**Referring expression grounding data**
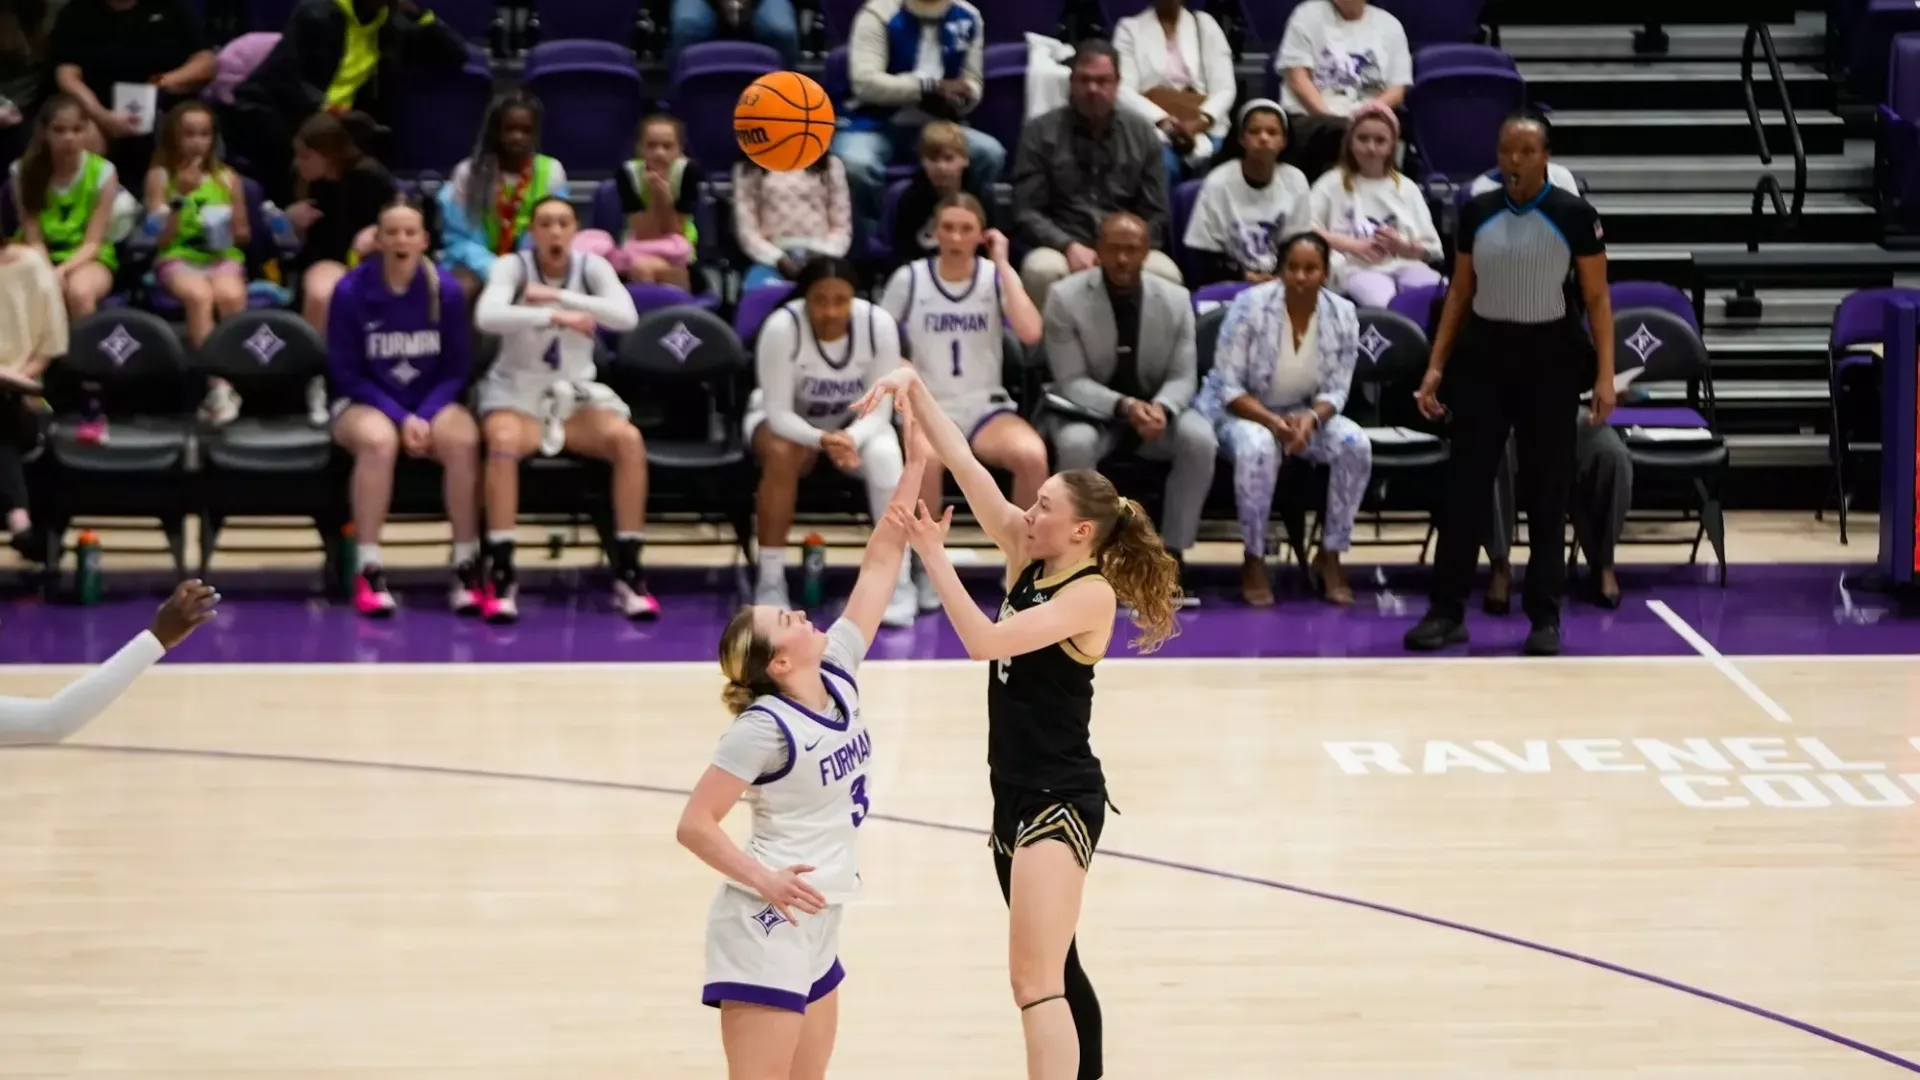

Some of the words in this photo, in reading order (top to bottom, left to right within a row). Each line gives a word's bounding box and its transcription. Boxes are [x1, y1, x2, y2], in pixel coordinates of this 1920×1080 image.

[924, 312, 989, 334] FURMAN
[366, 330, 441, 359] FURMAN
[541, 336, 561, 371] 4
[950, 339, 963, 378] 1
[1321, 736, 1886, 774] RAVENEL
[850, 773, 870, 829] 3
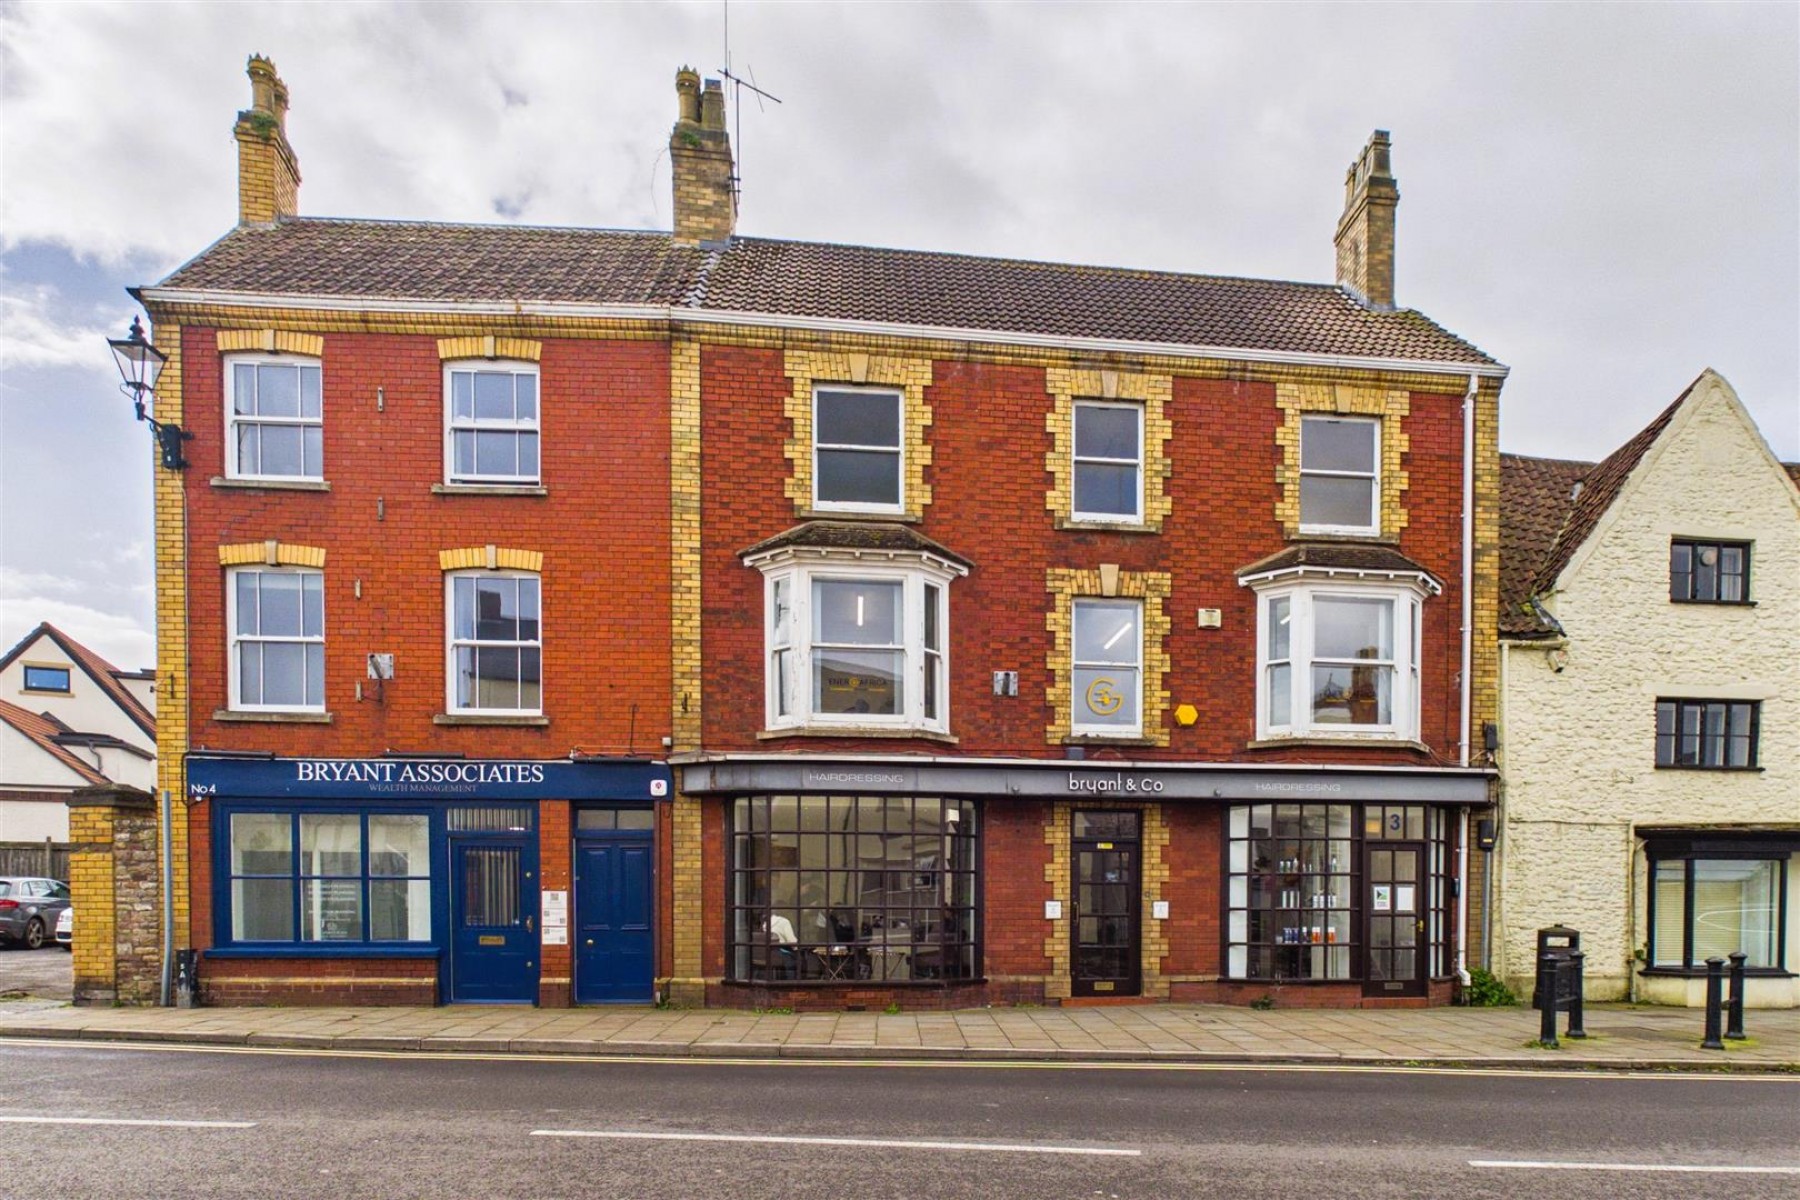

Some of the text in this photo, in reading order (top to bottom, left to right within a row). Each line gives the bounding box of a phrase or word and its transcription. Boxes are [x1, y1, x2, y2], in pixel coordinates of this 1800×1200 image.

[297, 762, 544, 783] BRYANT ASSOCIATES
[809, 773, 904, 783] HAIRDRESSING
[369, 783, 477, 793] WEALTH MANAGEMENT
[1069, 772, 1163, 794] bryant & Co
[1255, 782, 1341, 792] HAIRDRESSING
[1390, 814, 1400, 831] 3
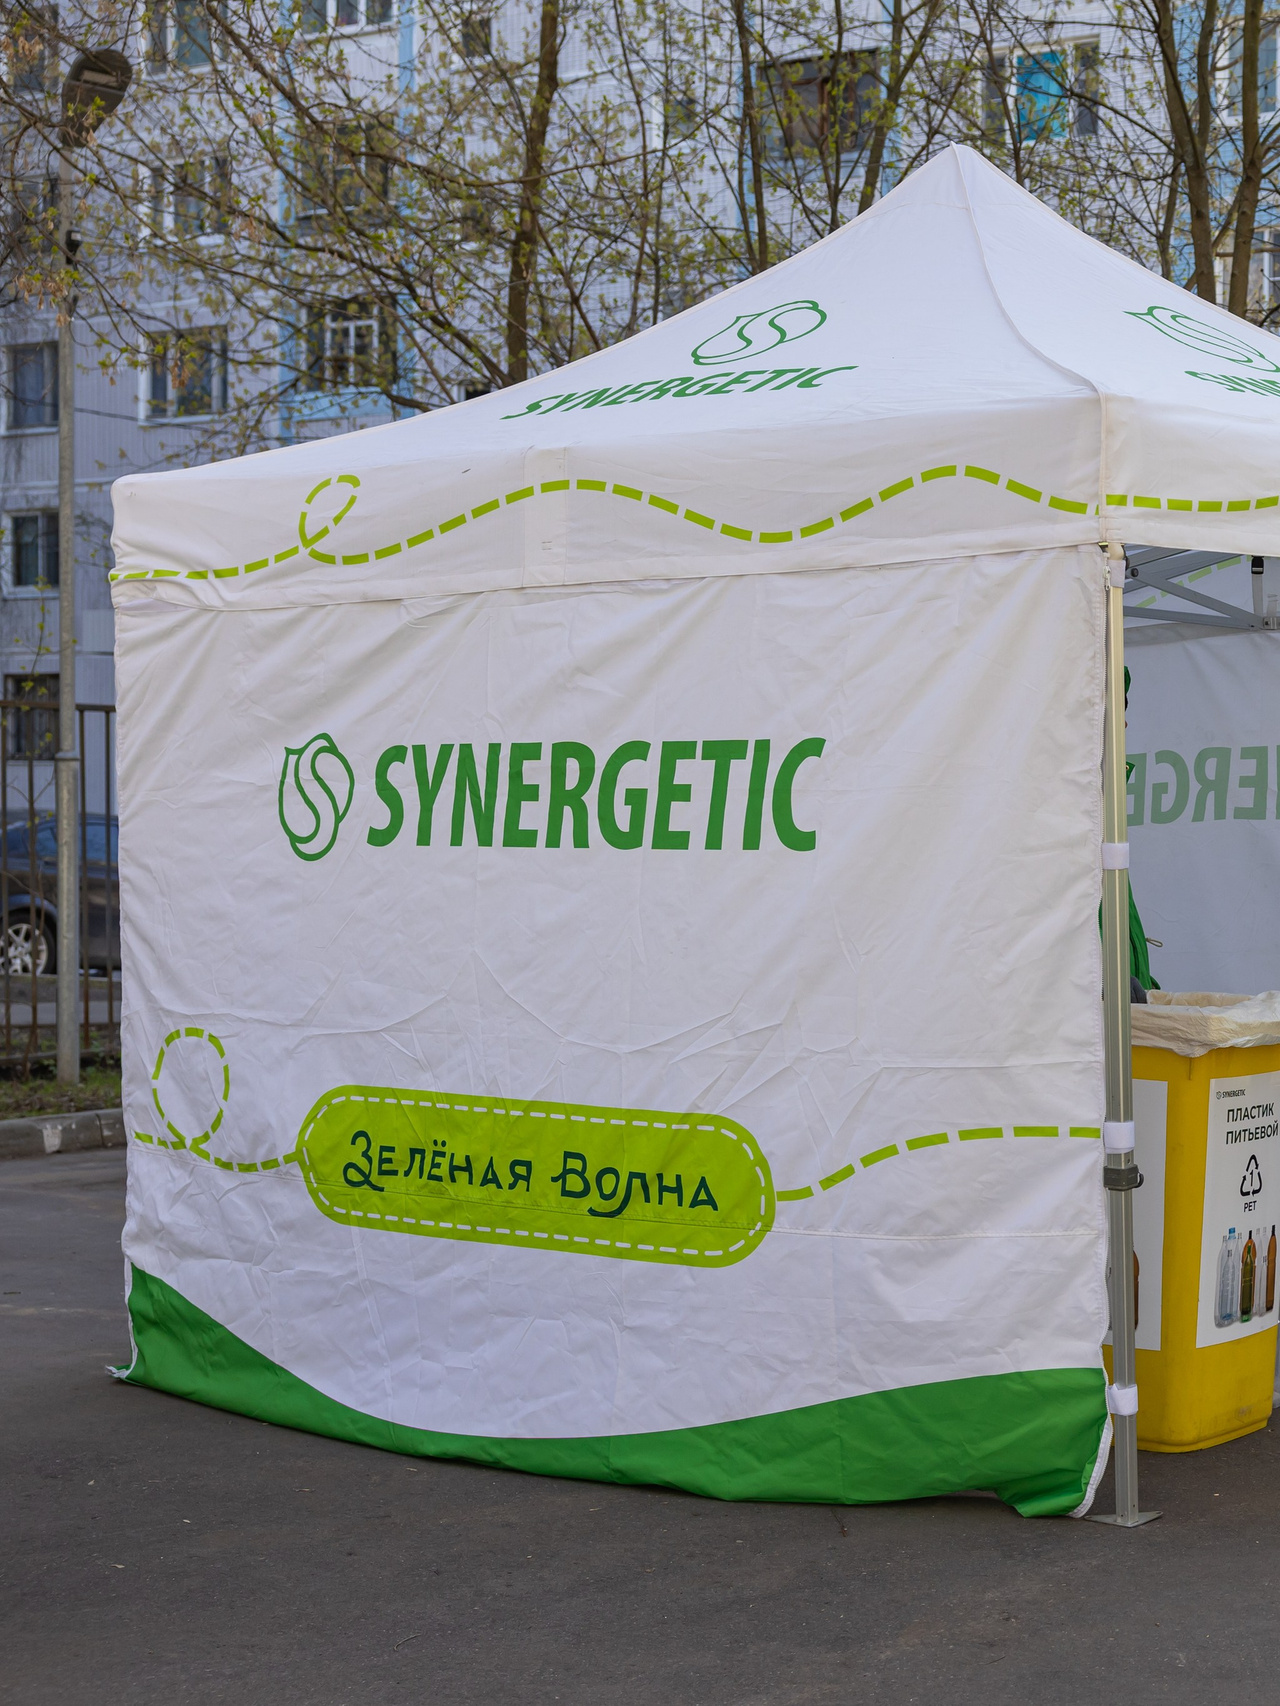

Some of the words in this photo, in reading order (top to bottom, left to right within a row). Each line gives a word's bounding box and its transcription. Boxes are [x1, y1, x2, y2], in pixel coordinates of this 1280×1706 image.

[500, 366, 859, 420] SYNERGETIC
[366, 737, 827, 852] SYNERGETIC
[1222, 1089, 1246, 1099] SYNERGETIC
[1227, 1102, 1275, 1123] ПЛАСТИК
[1226, 1120, 1279, 1145] ПИТЬЕВОЙ
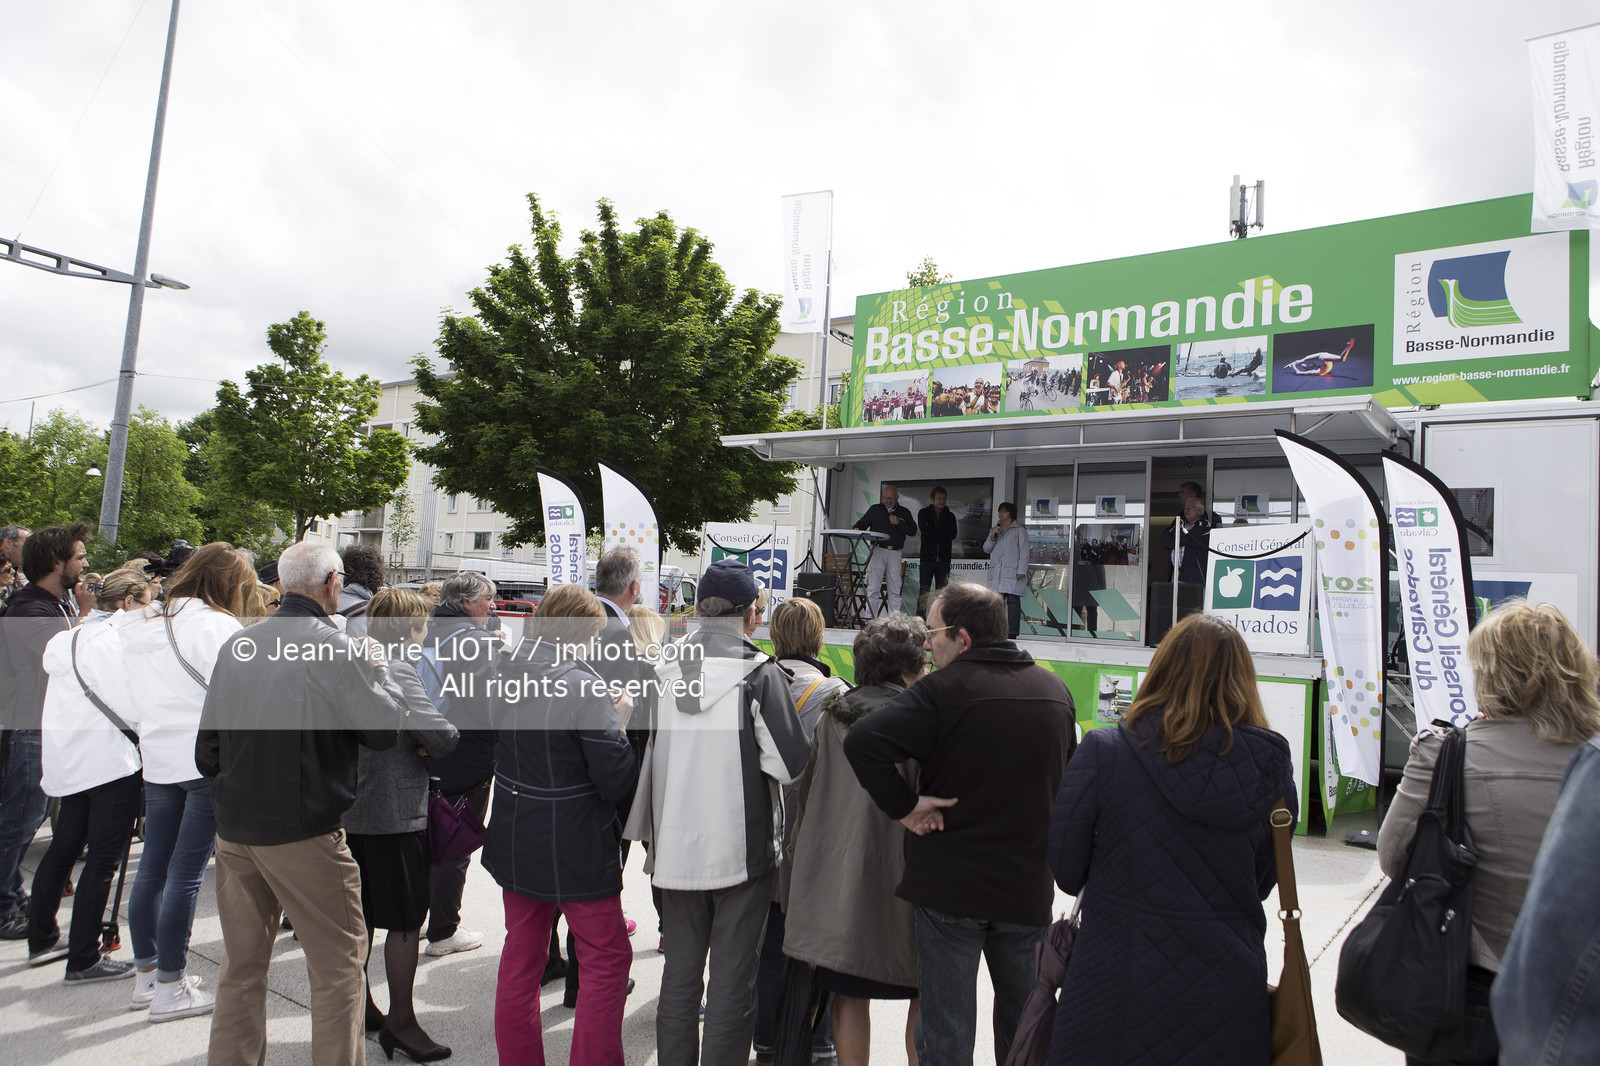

**Aim of the task**
Pick up at the line containing "this 1280×1706 image." and copy each line exactly until the data ends, including that last line; copy no pictures.

**Your solution**
Some of the words in this photo, in reading order (top to bottom, left to right within a row). Each line gives a word's bounding box and its transcription. Boxes are [x1, y1, x2, y2], in pixel coordinates of this 1280×1706 image.

[500, 366, 859, 420] SYNERGETIC
[366, 737, 827, 852] SYNERGETIC
[1222, 1089, 1246, 1099] SYNERGETIC
[1227, 1102, 1275, 1123] ПЛАСТИК
[1226, 1120, 1279, 1145] ПИТЬЕВОЙ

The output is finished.